Notice of the Ministry of Labor and Social Security on Matters Concerning the Establishment of Labor Relations
Labor and Social Security Departments (Bureaus) of all provinces, autonomous regions and municipalities directly under the Central Government:
Recently, some localities have reported that some employers do not sign labor contracts when recruiting workers, and when labor disputes arise, it is difficult to determine the labor relationship between the two parties, making it difficult to safeguard the legitimate rights and interests of employees, which has an adverse impact on the harmony and stability of labor relations. In order to standardize the employment behavior of employers, protect the legitimate rights and interests of workers, and promote social stability, the following notice is hereby given on matters related to the establishment of labor relations between employers and workers:
1. The employment relationship shall be established if the employer recruits a worker without entering into a written labor contract, but at the same time meets the following circumstances:
1) The employer and the worker meet the entity qualifications prescribed by laws and regulations;
2) The labor rules and regulations formulated by the employer in accordance with the law shall apply to the workers, and the workers shall be subject to the labor management of the employer and engage in paid labor arranged by the employer;
3) The labor provided by the worker is an integral part of the employer's business.
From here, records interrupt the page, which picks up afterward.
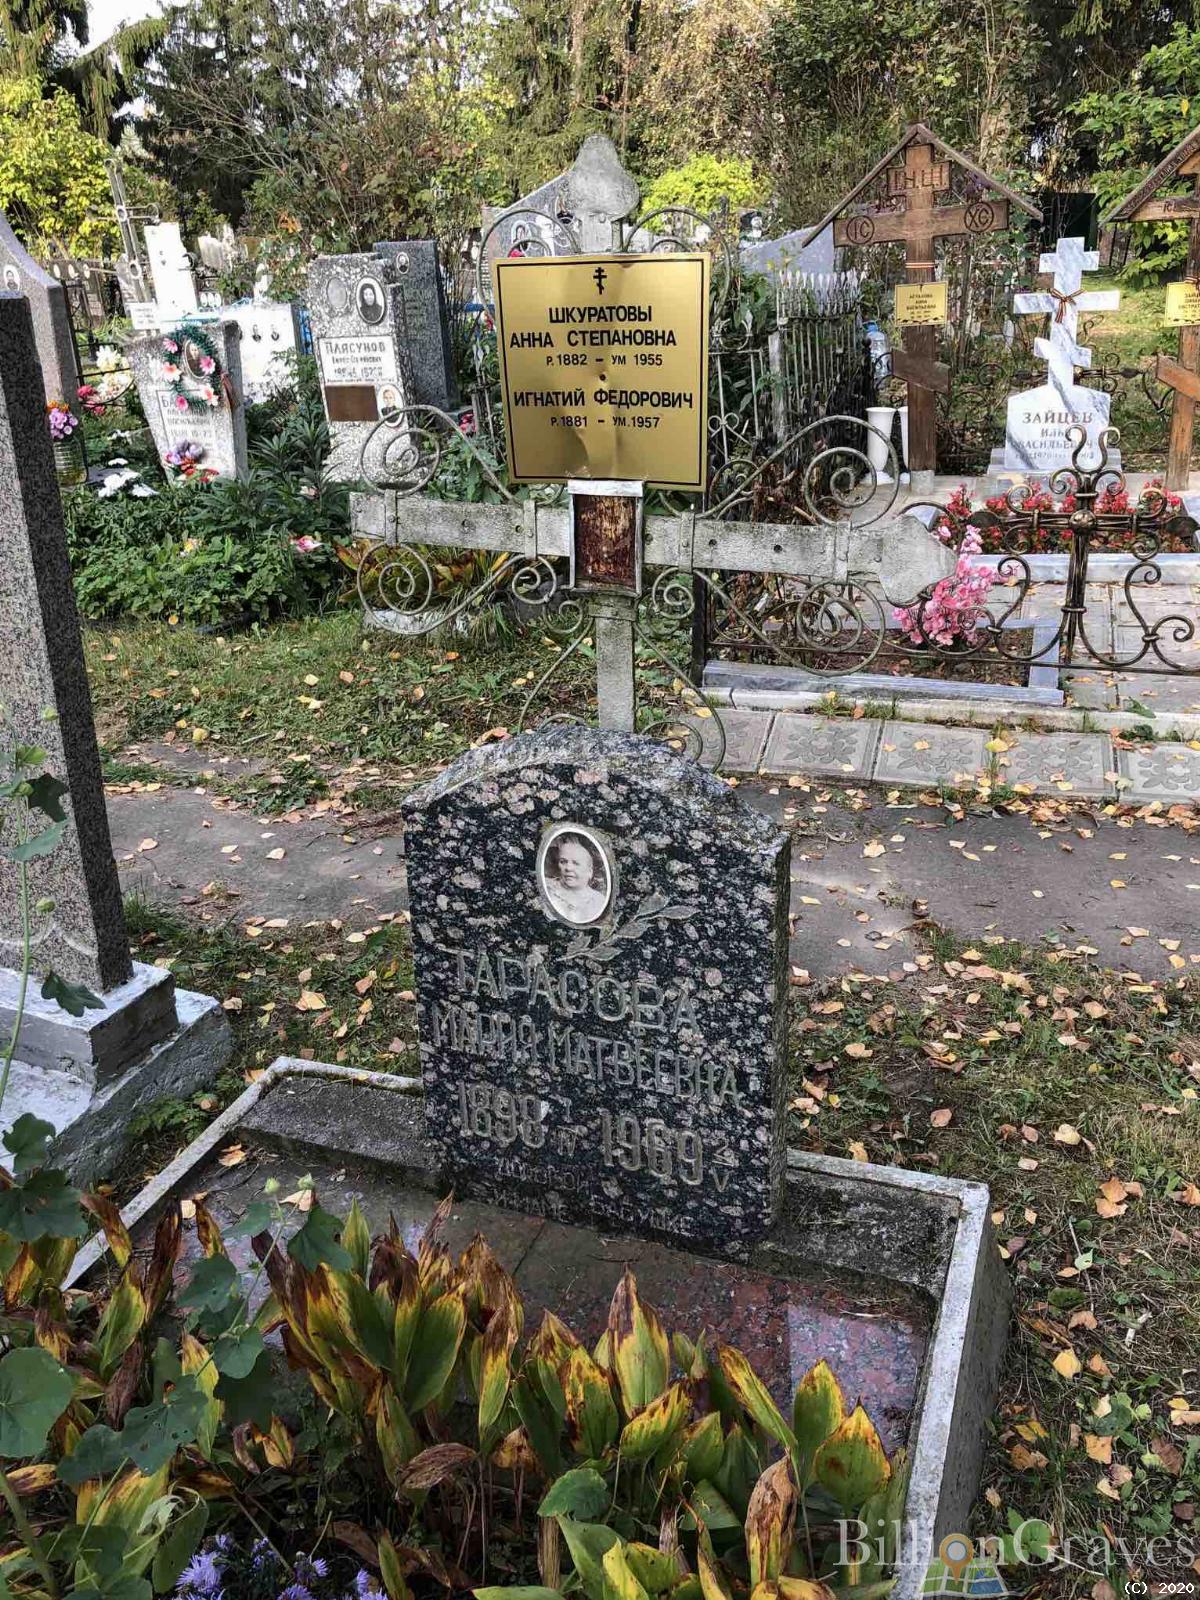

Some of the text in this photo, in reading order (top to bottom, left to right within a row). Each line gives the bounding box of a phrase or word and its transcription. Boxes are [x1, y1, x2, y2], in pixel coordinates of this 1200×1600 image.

[548, 305, 652, 324] ШКУРАТОВЫ
[509, 329, 677, 349] АННА СТЕПАНОВНА
[611, 354, 626, 365] УМ
[634, 353, 663, 366] 1955
[513, 387, 693, 409] ИГНАТИЙ ФЕДОРОВИЧ
[1022, 409, 1093, 424] ЗАЙЦЕВ
[438, 946, 702, 1032] ТАРАСОВА
[548, 1024, 742, 1105] МАТВЕЕВНА
[600, 1110, 703, 1186] 1969
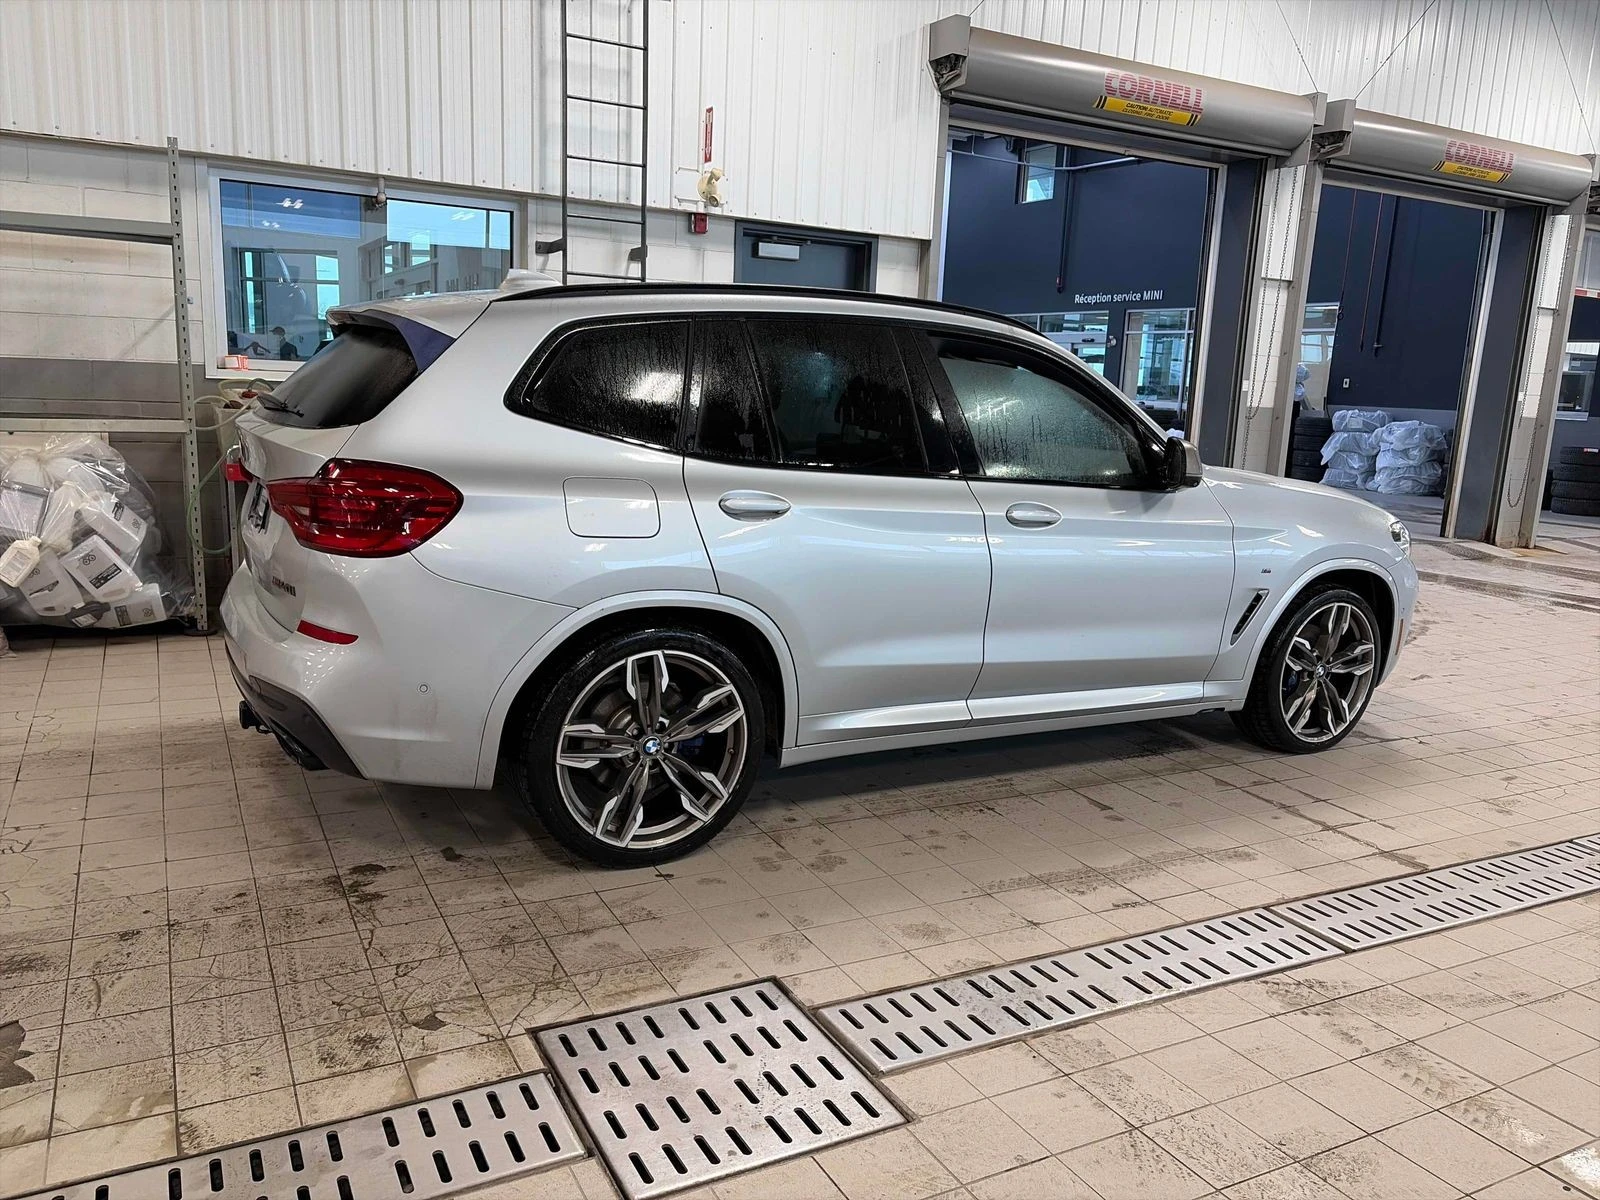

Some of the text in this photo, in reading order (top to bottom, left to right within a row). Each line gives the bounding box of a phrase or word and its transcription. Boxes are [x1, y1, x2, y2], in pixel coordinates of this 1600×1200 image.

2. If the employer has not signed a labor contract with the employee, the following documents may be referred to when determining the existence of an employment relationship between the two parties:
1) Wage payment vouchers or records (employee payroll roster) and records of payment of various social insurance premiums;
2) "Work Permit", "Service Certificate" and other documents that can prove the identity of the worker issued by the employer;
3) Recruitment records such as the "registration form" and "registration form" filled in by the worker;
4) Attendance records;
5) Testimony of other workers, etc.
Among them, the employer shall bear the burden of proof for the relevant documents in items (1), (3) and (4).
3. If the employer recruits a worker in accordance with the circumstances specified in Article 1, the employer shall sign a supplementary labor contract with the employee, and the term of the labor contract shall be determined by both parties through consultation. If there is no agreement through negotiation, either party may propose to terminate the employment relationship, but for the employee who meets the conditions for signing an indefinite-term labor contract, if the employee proposes to conclude an indefinite-term labor contract, the employer shall conclude it.
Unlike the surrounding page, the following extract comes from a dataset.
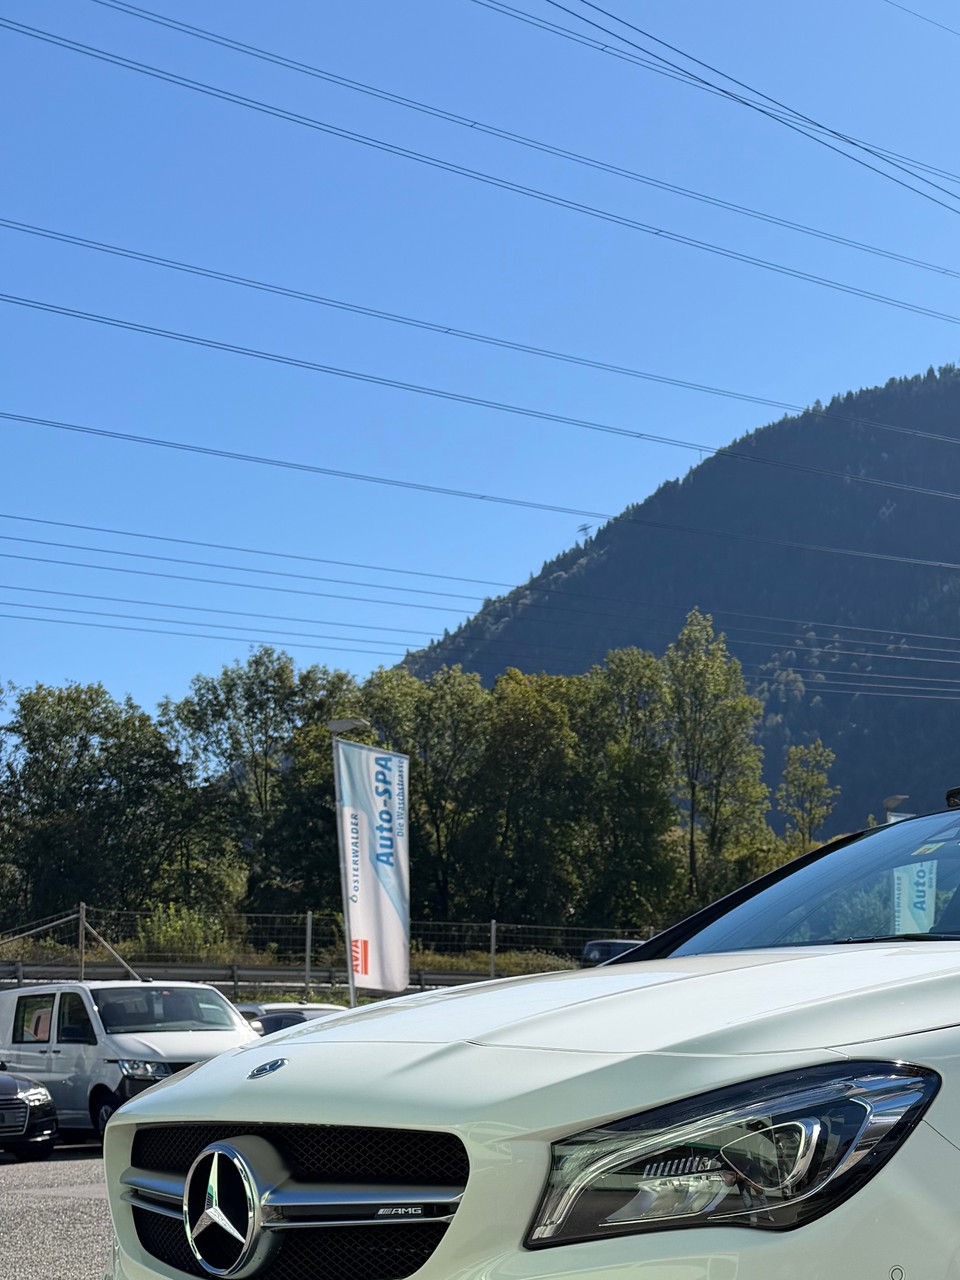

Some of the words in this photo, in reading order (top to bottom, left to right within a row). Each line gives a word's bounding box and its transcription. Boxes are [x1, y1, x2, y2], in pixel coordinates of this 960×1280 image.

If the employer proposes to terminate the labor relationship, it shall pay the employee one month's salary for each full year of service in the employer.
4. Where an employer such as a construction or mining enterprise contracts out a project (business) or management right to an organization or natural person that does not have the qualifications of an employing entity, the employer with the qualifications of an employing entity shall bear the responsibility for employing the laborers recruited by the organization or natural person.
5. If a dispute arises between the employee and the employer over the existence of an employment relationship, he or she may apply to the labor dispute arbitration commission with jurisdiction for arbitration.
25 May 55.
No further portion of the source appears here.